[Data items]
============

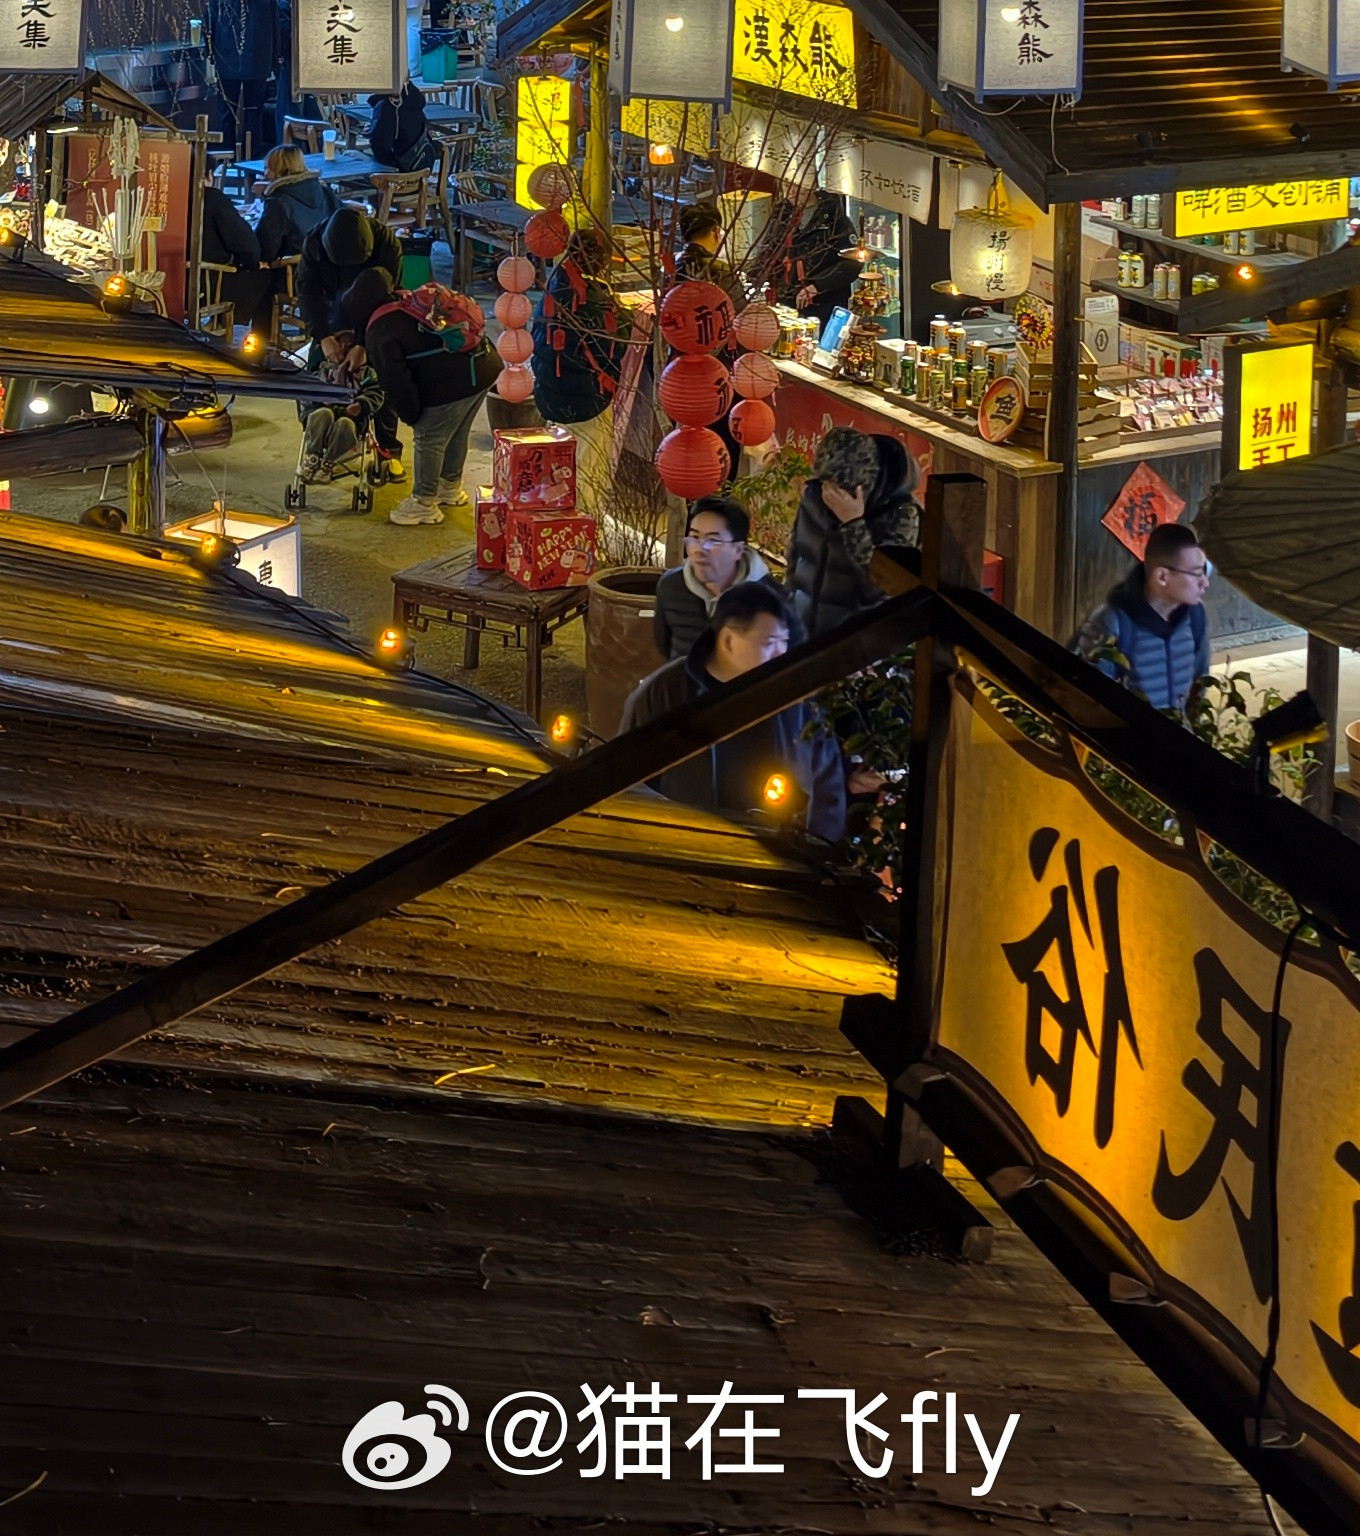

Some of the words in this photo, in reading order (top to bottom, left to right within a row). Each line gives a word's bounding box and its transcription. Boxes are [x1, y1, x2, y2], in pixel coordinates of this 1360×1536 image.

[742, 8, 848, 83] 漢森熊
[1252, 401, 1298, 439] 扬州
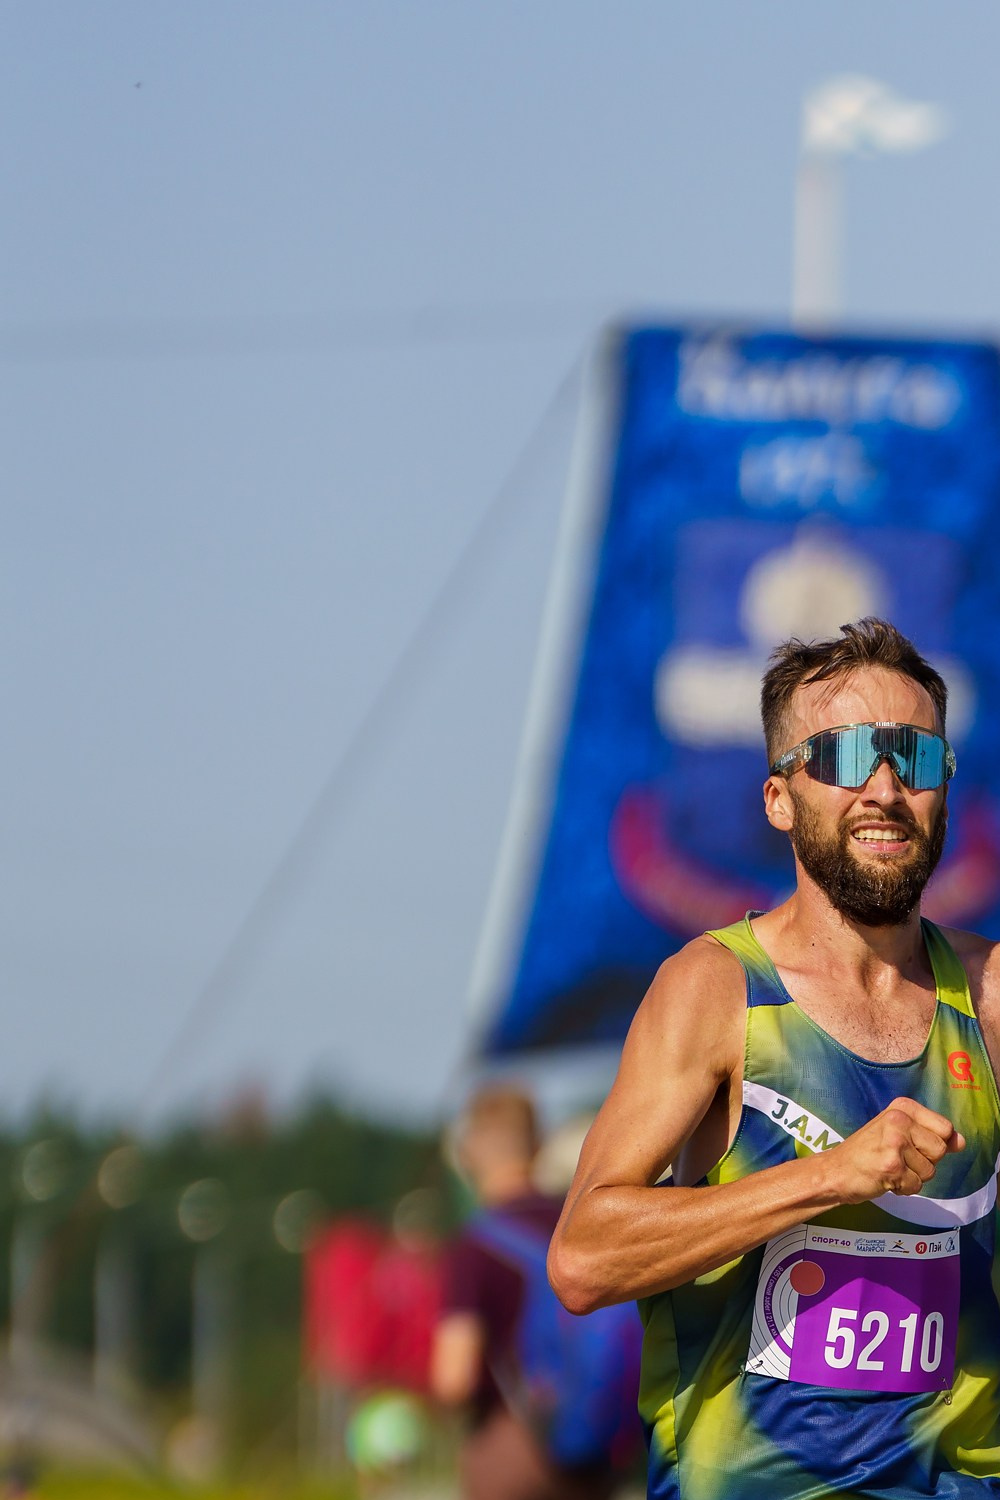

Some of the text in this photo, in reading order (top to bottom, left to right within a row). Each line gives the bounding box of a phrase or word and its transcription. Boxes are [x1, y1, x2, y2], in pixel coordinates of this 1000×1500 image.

[811, 1236, 839, 1245] СПОРТ
[928, 1241, 942, 1253] Пэй
[824, 1307, 944, 1372] 5210
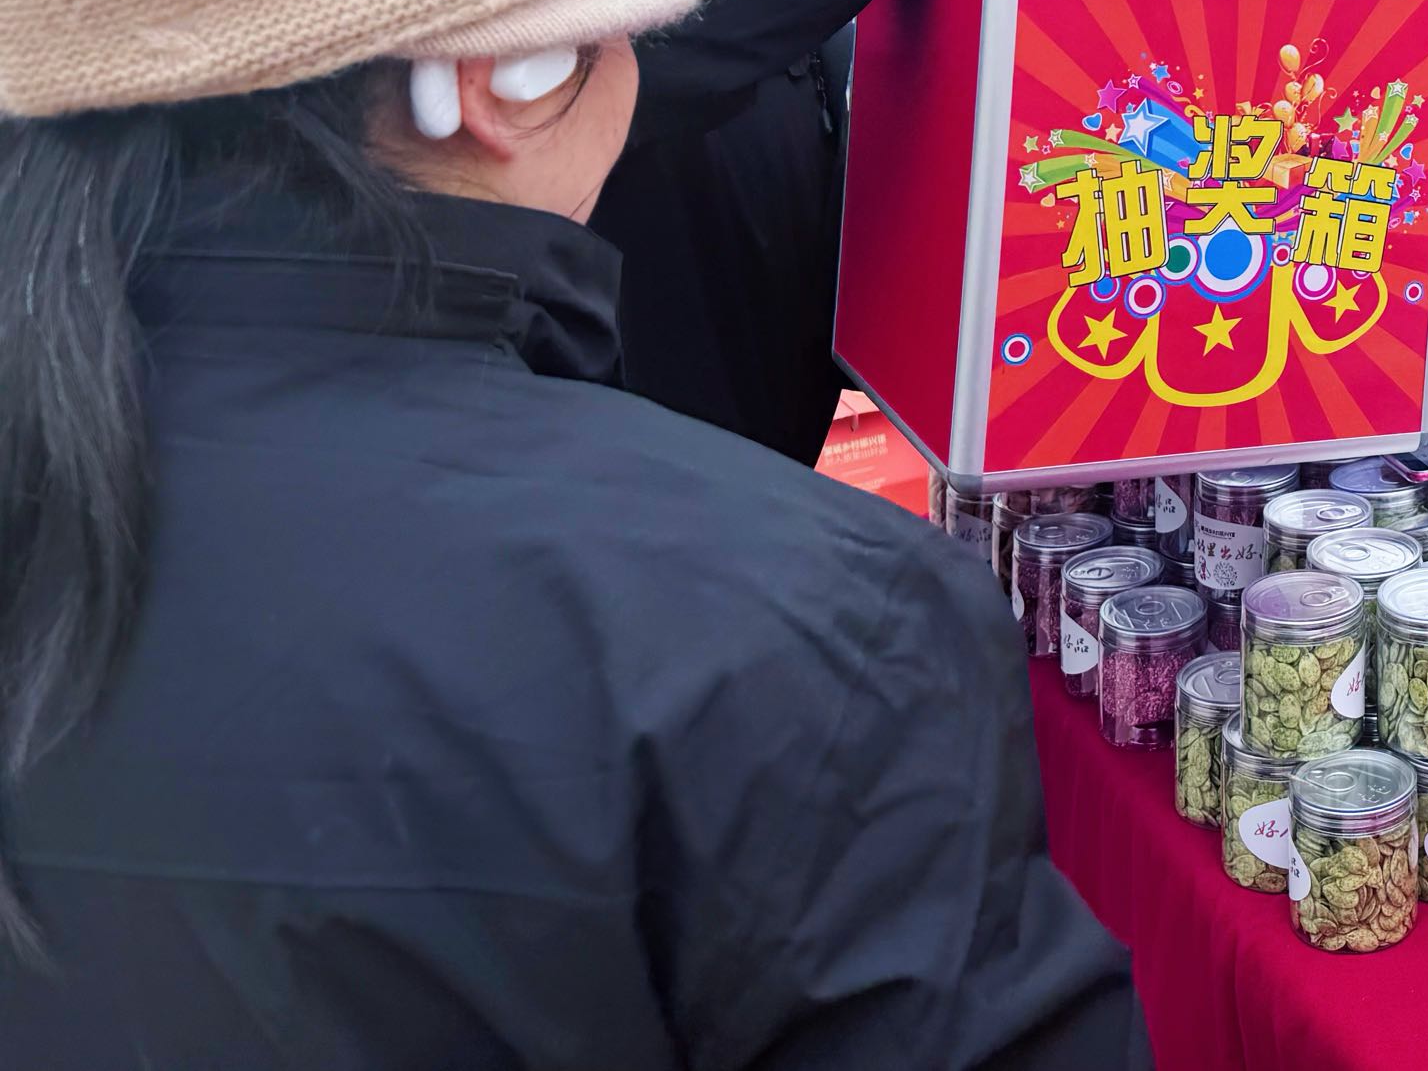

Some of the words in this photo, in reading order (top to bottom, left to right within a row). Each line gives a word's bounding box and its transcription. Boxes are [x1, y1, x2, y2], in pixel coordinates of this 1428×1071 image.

[1056, 115, 1397, 287] 抽奖箱
[1197, 538, 1263, 561] 故里出好
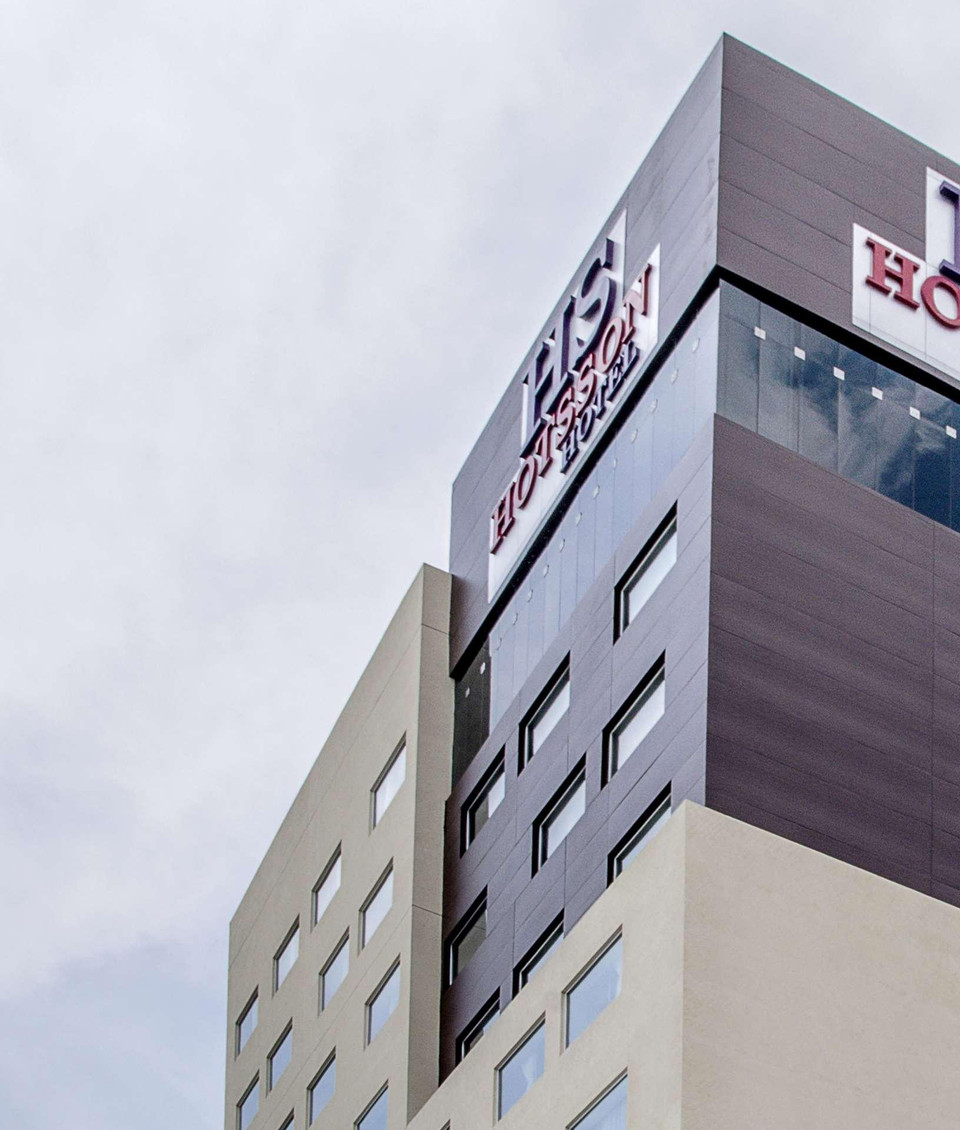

============

Where a picture appears, skip it and copy the rest of the data word for word.

Some of the words in this photo, in reading order (top to bottom, left to right within a row). Each line gives a word's bounding box and its transcription. Boxes are [x1, y1, x2, y2], in pixel coordinates of this 1360×1536 image.

[742, 8, 848, 83] 漢森熊
[1252, 401, 1298, 439] 扬州

Some of the text in this photo, in reading order (top to bottom, left to right within a row). Each line gives the bounding box of a phrase or word and its transcription. Boxes are [x1, y1, x2, y2], in pixel coordinates of this 1000×1500 image.

[811, 1236, 839, 1245] СПОРТ
[928, 1241, 942, 1253] Пэй
[824, 1307, 944, 1372] 5210

Some of the words in this photo, in reading order (top to bottom, left to right within a row). Each line gives a word's bounding box and its transcription. Boxes are [x1, y1, x2, y2], in pixel coordinates of this 1428×1071 image.

[1056, 115, 1397, 287] 抽奖箱
[1197, 538, 1263, 561] 故里出好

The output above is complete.